SOURCE DATA>
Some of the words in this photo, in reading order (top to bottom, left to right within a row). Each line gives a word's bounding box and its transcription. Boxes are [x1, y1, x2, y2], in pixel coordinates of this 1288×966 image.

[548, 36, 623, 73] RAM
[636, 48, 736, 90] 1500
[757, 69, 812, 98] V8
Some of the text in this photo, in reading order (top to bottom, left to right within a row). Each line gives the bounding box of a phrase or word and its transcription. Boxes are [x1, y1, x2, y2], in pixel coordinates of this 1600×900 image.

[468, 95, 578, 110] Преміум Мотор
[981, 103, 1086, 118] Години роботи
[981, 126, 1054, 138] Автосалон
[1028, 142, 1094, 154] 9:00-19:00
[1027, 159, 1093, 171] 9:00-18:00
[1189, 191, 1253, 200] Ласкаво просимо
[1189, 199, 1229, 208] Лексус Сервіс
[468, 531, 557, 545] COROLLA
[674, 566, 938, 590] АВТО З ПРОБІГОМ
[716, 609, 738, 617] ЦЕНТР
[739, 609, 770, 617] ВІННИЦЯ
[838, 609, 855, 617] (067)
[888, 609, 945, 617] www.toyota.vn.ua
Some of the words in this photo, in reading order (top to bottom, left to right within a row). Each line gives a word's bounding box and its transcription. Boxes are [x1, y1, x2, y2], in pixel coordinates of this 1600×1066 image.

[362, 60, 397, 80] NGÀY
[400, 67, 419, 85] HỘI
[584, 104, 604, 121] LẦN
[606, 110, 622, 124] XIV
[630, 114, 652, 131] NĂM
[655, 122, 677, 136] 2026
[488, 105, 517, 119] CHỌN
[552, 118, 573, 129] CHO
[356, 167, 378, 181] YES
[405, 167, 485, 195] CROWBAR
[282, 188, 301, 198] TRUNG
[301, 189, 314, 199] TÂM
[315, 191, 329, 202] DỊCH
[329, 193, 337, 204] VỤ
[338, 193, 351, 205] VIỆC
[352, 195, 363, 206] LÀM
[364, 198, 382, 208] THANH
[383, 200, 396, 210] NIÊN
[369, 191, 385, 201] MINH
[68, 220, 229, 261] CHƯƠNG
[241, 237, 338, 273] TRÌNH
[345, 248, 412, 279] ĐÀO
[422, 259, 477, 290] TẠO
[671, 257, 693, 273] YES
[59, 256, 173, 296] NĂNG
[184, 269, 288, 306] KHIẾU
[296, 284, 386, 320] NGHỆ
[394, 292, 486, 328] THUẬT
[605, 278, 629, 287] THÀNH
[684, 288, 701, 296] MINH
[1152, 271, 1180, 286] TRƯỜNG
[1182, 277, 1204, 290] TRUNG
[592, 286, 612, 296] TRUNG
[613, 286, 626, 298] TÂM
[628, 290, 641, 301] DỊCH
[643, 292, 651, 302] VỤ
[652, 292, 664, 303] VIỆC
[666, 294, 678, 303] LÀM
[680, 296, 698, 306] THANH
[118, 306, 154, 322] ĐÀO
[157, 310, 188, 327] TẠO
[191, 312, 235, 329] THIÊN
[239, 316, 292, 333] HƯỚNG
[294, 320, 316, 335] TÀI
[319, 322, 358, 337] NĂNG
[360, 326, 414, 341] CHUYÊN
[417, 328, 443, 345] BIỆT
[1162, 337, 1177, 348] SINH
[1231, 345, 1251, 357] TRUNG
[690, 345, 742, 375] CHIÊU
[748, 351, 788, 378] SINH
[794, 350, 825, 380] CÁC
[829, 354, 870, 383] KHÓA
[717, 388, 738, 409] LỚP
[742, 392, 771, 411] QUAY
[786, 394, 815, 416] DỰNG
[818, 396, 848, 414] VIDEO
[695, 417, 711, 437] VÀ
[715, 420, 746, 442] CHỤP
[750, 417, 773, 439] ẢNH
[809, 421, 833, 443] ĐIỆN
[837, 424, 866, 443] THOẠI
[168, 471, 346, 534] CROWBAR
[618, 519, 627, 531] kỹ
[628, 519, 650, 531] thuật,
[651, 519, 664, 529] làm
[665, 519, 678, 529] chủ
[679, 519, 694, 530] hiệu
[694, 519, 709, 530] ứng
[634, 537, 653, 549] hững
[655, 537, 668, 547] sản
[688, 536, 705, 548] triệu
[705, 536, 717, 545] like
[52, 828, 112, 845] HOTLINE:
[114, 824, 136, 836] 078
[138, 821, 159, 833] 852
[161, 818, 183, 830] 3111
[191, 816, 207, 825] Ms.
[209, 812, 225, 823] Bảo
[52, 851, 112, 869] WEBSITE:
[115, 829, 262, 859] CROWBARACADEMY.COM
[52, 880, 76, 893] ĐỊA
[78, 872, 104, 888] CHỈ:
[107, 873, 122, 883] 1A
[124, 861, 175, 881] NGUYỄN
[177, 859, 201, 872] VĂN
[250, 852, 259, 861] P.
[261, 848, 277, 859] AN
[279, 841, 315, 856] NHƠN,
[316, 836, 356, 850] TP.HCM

REQUIREMENT>
Your task is to print the whole listing again exactly.

ANSWER FOR THE TASK>
Some of the words in this photo, in reading order (top to bottom, left to right within a row). Each line gives a word's bounding box and its transcription. Boxes are [x1, y1, x2, y2], in pixel coordinates of this 1288×966 image.

[548, 36, 623, 73] RAM
[636, 48, 736, 90] 1500
[757, 69, 812, 98] V8
Some of the text in this photo, in reading order (top to bottom, left to right within a row). Each line gives the bounding box of a phrase or word and its transcription. Boxes are [x1, y1, x2, y2], in pixel coordinates of this 1600×900 image.

[468, 95, 578, 110] Преміум Мотор
[981, 103, 1086, 118] Години роботи
[981, 126, 1054, 138] Автосалон
[1028, 142, 1094, 154] 9:00-19:00
[1027, 159, 1093, 171] 9:00-18:00
[1189, 191, 1253, 200] Ласкаво просимо
[1189, 199, 1229, 208] Лексус Сервіс
[468, 531, 557, 545] COROLLA
[674, 566, 938, 590] АВТО З ПРОБІГОМ
[716, 609, 738, 617] ЦЕНТР
[739, 609, 770, 617] ВІННИЦЯ
[838, 609, 855, 617] (067)
[888, 609, 945, 617] www.toyota.vn.ua
Some of the words in this photo, in reading order (top to bottom, left to right within a row). Each line gives a word's bounding box and its transcription. Boxes are [x1, y1, x2, y2], in pixel coordinates of this 1600×1066 image.

[362, 60, 397, 80] NGÀY
[400, 67, 419, 85] HỘI
[584, 104, 604, 121] LẦN
[606, 110, 622, 124] XIV
[630, 114, 652, 131] NĂM
[655, 122, 677, 136] 2026
[488, 105, 517, 119] CHỌN
[552, 118, 573, 129] CHO
[356, 167, 378, 181] YES
[405, 167, 485, 195] CROWBAR
[282, 188, 301, 198] TRUNG
[301, 189, 314, 199] TÂM
[315, 191, 329, 202] DỊCH
[329, 193, 337, 204] VỤ
[338, 193, 351, 205] VIỆC
[352, 195, 363, 206] LÀM
[364, 198, 382, 208] THANH
[383, 200, 396, 210] NIÊN
[369, 191, 385, 201] MINH
[68, 220, 229, 261] CHƯƠNG
[241, 237, 338, 273] TRÌNH
[345, 248, 412, 279] ĐÀO
[422, 259, 477, 290] TẠO
[671, 257, 693, 273] YES
[59, 256, 173, 296] NĂNG
[184, 269, 288, 306] KHIẾU
[296, 284, 386, 320] NGHỆ
[394, 292, 486, 328] THUẬT
[605, 278, 629, 287] THÀNH
[684, 288, 701, 296] MINH
[1152, 271, 1180, 286] TRƯỜNG
[1182, 277, 1204, 290] TRUNG
[592, 286, 612, 296] TRUNG
[613, 286, 626, 298] TÂM
[628, 290, 641, 301] DỊCH
[643, 292, 651, 302] VỤ
[652, 292, 664, 303] VIỆC
[666, 294, 678, 303] LÀM
[680, 296, 698, 306] THANH
[118, 306, 154, 322] ĐÀO
[157, 310, 188, 327] TẠO
[191, 312, 235, 329] THIÊN
[239, 316, 292, 333] HƯỚNG
[294, 320, 316, 335] TÀI
[319, 322, 358, 337] NĂNG
[360, 326, 414, 341] CHUYÊN
[417, 328, 443, 345] BIỆT
[1162, 337, 1177, 348] SINH
[1231, 345, 1251, 357] TRUNG
[690, 345, 742, 375] CHIÊU
[748, 351, 788, 378] SINH
[794, 350, 825, 380] CÁC
[829, 354, 870, 383] KHÓA
[717, 388, 738, 409] LỚP
[742, 392, 771, 411] QUAY
[786, 394, 815, 416] DỰNG
[818, 396, 848, 414] VIDEO
[695, 417, 711, 437] VÀ
[715, 420, 746, 442] CHỤP
[750, 417, 773, 439] ẢNH
[809, 421, 833, 443] ĐIỆN
[837, 424, 866, 443] THOẠI
[168, 471, 346, 534] CROWBAR
[618, 519, 627, 531] kỹ
[628, 519, 650, 531] thuật,
[651, 519, 664, 529] làm
[665, 519, 678, 529] chủ
[679, 519, 694, 530] hiệu
[694, 519, 709, 530] ứng
[634, 537, 653, 549] hững
[655, 537, 668, 547] sản
[688, 536, 705, 548] triệu
[705, 536, 717, 545] like
[52, 828, 112, 845] HOTLINE:
[114, 824, 136, 836] 078
[138, 821, 159, 833] 852
[161, 818, 183, 830] 3111
[191, 816, 207, 825] Ms.
[209, 812, 225, 823] Bảo
[52, 851, 112, 869] WEBSITE:
[115, 829, 262, 859] CROWBARACADEMY.COM
[52, 880, 76, 893] ĐỊA
[78, 872, 104, 888] CHỈ:
[107, 873, 122, 883] 1A
[124, 861, 175, 881] NGUYỄN
[177, 859, 201, 872] VĂN
[250, 852, 259, 861] P.
[261, 848, 277, 859] AN
[279, 841, 315, 856] NHƠN,
[316, 836, 356, 850] TP.HCM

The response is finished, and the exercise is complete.